[What is expected]
Copy every entry precisely.

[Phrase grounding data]
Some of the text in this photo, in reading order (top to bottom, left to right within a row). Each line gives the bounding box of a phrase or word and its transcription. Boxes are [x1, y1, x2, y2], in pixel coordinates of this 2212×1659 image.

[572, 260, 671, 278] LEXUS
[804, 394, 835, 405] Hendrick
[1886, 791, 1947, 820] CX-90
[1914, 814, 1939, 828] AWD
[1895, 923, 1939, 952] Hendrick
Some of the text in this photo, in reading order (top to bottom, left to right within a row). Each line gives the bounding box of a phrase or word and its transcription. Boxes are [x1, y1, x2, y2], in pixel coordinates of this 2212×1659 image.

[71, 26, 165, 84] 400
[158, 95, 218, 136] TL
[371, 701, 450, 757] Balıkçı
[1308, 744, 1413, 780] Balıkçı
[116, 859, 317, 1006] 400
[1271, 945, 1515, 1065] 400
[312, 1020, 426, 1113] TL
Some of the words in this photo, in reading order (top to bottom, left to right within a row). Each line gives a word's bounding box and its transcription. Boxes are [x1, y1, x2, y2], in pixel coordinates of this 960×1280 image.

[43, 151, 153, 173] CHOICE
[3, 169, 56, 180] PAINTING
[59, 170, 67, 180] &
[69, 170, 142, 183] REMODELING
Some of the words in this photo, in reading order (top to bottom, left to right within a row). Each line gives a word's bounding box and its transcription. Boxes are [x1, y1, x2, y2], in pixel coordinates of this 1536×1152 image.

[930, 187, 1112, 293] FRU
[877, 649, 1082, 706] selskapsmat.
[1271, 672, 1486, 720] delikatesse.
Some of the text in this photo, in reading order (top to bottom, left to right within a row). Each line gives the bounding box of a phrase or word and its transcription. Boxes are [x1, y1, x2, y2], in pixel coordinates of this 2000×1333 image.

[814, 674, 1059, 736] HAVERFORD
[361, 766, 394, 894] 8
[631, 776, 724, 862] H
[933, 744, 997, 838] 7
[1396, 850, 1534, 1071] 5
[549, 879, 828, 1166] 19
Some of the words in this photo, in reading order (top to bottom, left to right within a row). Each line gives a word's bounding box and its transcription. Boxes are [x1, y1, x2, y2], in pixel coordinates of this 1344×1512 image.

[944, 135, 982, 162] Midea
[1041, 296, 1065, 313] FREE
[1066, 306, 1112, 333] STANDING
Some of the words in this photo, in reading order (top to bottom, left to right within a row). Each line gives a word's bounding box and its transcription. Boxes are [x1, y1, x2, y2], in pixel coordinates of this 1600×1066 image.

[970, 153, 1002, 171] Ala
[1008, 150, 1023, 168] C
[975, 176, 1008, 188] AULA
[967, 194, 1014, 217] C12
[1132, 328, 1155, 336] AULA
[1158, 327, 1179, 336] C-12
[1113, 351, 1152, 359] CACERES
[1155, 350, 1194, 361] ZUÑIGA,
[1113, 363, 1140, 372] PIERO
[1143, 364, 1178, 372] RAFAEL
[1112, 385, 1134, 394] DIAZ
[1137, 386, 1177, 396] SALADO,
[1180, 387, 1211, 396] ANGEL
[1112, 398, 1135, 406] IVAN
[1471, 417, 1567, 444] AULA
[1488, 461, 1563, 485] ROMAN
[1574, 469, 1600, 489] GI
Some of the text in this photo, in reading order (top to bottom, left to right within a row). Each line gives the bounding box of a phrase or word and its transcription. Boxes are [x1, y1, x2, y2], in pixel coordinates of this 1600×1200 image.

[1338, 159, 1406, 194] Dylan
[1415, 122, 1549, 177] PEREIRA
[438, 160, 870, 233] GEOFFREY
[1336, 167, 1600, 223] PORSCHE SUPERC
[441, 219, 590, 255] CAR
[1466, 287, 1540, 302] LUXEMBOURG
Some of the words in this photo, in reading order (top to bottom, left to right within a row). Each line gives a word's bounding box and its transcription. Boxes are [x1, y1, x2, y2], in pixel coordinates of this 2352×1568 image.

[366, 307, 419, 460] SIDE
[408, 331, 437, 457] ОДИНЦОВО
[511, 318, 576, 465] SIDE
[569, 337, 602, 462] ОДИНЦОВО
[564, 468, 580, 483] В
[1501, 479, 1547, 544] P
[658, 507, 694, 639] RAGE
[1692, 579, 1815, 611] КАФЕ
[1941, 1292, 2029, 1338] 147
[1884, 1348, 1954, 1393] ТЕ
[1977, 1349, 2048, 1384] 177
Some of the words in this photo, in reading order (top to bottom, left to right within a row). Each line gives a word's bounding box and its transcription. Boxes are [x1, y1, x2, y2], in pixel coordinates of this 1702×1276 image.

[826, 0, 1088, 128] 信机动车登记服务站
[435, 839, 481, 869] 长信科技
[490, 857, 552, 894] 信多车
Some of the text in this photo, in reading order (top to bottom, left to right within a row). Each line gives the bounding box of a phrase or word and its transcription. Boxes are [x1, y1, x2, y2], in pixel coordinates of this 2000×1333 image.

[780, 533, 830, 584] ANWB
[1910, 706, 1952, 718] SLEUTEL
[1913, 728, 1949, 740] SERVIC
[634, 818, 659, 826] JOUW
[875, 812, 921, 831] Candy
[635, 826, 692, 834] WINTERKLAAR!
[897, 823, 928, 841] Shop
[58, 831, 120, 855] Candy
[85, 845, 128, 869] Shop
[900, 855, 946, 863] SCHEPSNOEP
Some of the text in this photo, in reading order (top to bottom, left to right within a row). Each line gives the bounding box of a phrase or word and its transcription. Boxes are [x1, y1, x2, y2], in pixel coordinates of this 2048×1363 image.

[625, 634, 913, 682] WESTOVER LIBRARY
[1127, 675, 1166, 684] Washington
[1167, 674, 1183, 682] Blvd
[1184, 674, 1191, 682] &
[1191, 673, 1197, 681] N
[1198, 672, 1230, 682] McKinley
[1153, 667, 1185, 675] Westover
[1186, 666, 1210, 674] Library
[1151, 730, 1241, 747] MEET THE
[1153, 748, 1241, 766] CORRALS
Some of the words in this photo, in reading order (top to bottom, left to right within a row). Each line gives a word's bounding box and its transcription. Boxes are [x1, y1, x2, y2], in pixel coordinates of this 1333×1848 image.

[Written reply]
Some of the text in this photo, in reading order (top to bottom, left to right within a row). Each line gives the bounding box of a phrase or word and its transcription. Boxes are [x1, y1, x2, y2], in pixel coordinates of this 2212×1659 image.

[572, 260, 671, 278] LEXUS
[804, 394, 835, 405] Hendrick
[1886, 791, 1947, 820] CX-90
[1914, 814, 1939, 828] AWD
[1895, 923, 1939, 952] Hendrick
Some of the text in this photo, in reading order (top to bottom, left to right within a row). Each line gives the bounding box of a phrase or word and its transcription. Boxes are [x1, y1, x2, y2], in pixel coordinates of this 2212×1659 image.

[71, 26, 165, 84] 400
[158, 95, 218, 136] TL
[371, 701, 450, 757] Balıkçı
[1308, 744, 1413, 780] Balıkçı
[116, 859, 317, 1006] 400
[1271, 945, 1515, 1065] 400
[312, 1020, 426, 1113] TL
Some of the words in this photo, in reading order (top to bottom, left to right within a row). Each line gives a word's bounding box and its transcription. Boxes are [x1, y1, x2, y2], in pixel coordinates of this 960×1280 image.

[43, 151, 153, 173] CHOICE
[3, 169, 56, 180] PAINTING
[59, 170, 67, 180] &
[69, 170, 142, 183] REMODELING
Some of the words in this photo, in reading order (top to bottom, left to right within a row). Each line gives a word's bounding box and its transcription. Boxes are [x1, y1, x2, y2], in pixel coordinates of this 1536×1152 image.

[930, 187, 1112, 293] FRU
[877, 649, 1082, 706] selskapsmat.
[1271, 672, 1486, 720] delikatesse.
Some of the text in this photo, in reading order (top to bottom, left to right within a row). Each line gives the bounding box of a phrase or word and its transcription. Boxes are [x1, y1, x2, y2], in pixel coordinates of this 2000×1333 image.

[814, 674, 1059, 736] HAVERFORD
[361, 766, 394, 894] 8
[631, 776, 724, 862] H
[933, 744, 997, 838] 7
[1396, 850, 1534, 1071] 5
[549, 879, 828, 1166] 19
Some of the words in this photo, in reading order (top to bottom, left to right within a row). Each line gives a word's bounding box and its transcription. Boxes are [x1, y1, x2, y2], in pixel coordinates of this 1344×1512 image.

[944, 135, 982, 162] Midea
[1041, 296, 1065, 313] FREE
[1066, 306, 1112, 333] STANDING
Some of the words in this photo, in reading order (top to bottom, left to right within a row). Each line gives a word's bounding box and its transcription. Boxes are [x1, y1, x2, y2], in pixel coordinates of this 1600×1066 image.

[970, 153, 1002, 171] Ala
[1008, 150, 1023, 168] C
[975, 176, 1008, 188] AULA
[967, 194, 1014, 217] C12
[1132, 328, 1155, 336] AULA
[1158, 327, 1179, 336] C-12
[1113, 351, 1152, 359] CACERES
[1155, 350, 1194, 361] ZUÑIGA,
[1113, 363, 1140, 372] PIERO
[1143, 364, 1178, 372] RAFAEL
[1112, 385, 1134, 394] DIAZ
[1137, 386, 1177, 396] SALADO,
[1180, 387, 1211, 396] ANGEL
[1112, 398, 1135, 406] IVAN
[1471, 417, 1567, 444] AULA
[1488, 461, 1563, 485] ROMAN
[1574, 469, 1600, 489] GI
Some of the text in this photo, in reading order (top to bottom, left to right within a row). Each line gives the bounding box of a phrase or word and its transcription. Boxes are [x1, y1, x2, y2], in pixel coordinates of this 1600×1200 image.

[1338, 159, 1406, 194] Dylan
[1415, 122, 1549, 177] PEREIRA
[438, 160, 870, 233] GEOFFREY
[1336, 167, 1600, 223] PORSCHE SUPERC
[441, 219, 590, 255] CAR
[1466, 287, 1540, 302] LUXEMBOURG
Some of the words in this photo, in reading order (top to bottom, left to right within a row). Each line gives a word's bounding box and its transcription. Boxes are [x1, y1, x2, y2], in pixel coordinates of this 2352×1568 image.

[366, 307, 419, 460] SIDE
[408, 331, 437, 457] ОДИНЦОВО
[511, 318, 576, 465] SIDE
[569, 337, 602, 462] ОДИНЦОВО
[564, 468, 580, 483] В
[1501, 479, 1547, 544] P
[658, 507, 694, 639] RAGE
[1692, 579, 1815, 611] КАФЕ
[1941, 1292, 2029, 1338] 147
[1884, 1348, 1954, 1393] ТЕ
[1977, 1349, 2048, 1384] 177
Some of the words in this photo, in reading order (top to bottom, left to right within a row). Each line gives a word's bounding box and its transcription. Boxes are [x1, y1, x2, y2], in pixel coordinates of this 1702×1276 image.

[826, 0, 1088, 128] 信机动车登记服务站
[435, 839, 481, 869] 长信科技
[490, 857, 552, 894] 信多车
Some of the text in this photo, in reading order (top to bottom, left to right within a row). Each line gives the bounding box of a phrase or word and its transcription. Boxes are [x1, y1, x2, y2], in pixel coordinates of this 2000×1333 image.

[780, 533, 830, 584] ANWB
[1910, 706, 1952, 718] SLEUTEL
[1913, 728, 1949, 740] SERVIC
[634, 818, 659, 826] JOUW
[875, 812, 921, 831] Candy
[635, 826, 692, 834] WINTERKLAAR!
[897, 823, 928, 841] Shop
[58, 831, 120, 855] Candy
[85, 845, 128, 869] Shop
[900, 855, 946, 863] SCHEPSNOEP
Some of the text in this photo, in reading order (top to bottom, left to right within a row). Each line gives the bounding box of a phrase or word and its transcription. Boxes are [x1, y1, x2, y2], in pixel coordinates of this 2048×1363 image.

[625, 634, 913, 682] WESTOVER LIBRARY
[1127, 675, 1166, 684] Washington
[1167, 674, 1183, 682] Blvd
[1184, 674, 1191, 682] &
[1191, 673, 1197, 681] N
[1198, 672, 1230, 682] McKinley
[1153, 667, 1185, 675] Westover
[1186, 666, 1210, 674] Library
[1151, 730, 1241, 747] MEET THE
[1153, 748, 1241, 766] CORRALS
Some of the words in this photo, in reading order (top to bottom, left to right within a row). Each line gives a word's bounding box and its transcription. Boxes are [x1, y1, x2, y2], in pixel coordinates of this 1333×1848 image.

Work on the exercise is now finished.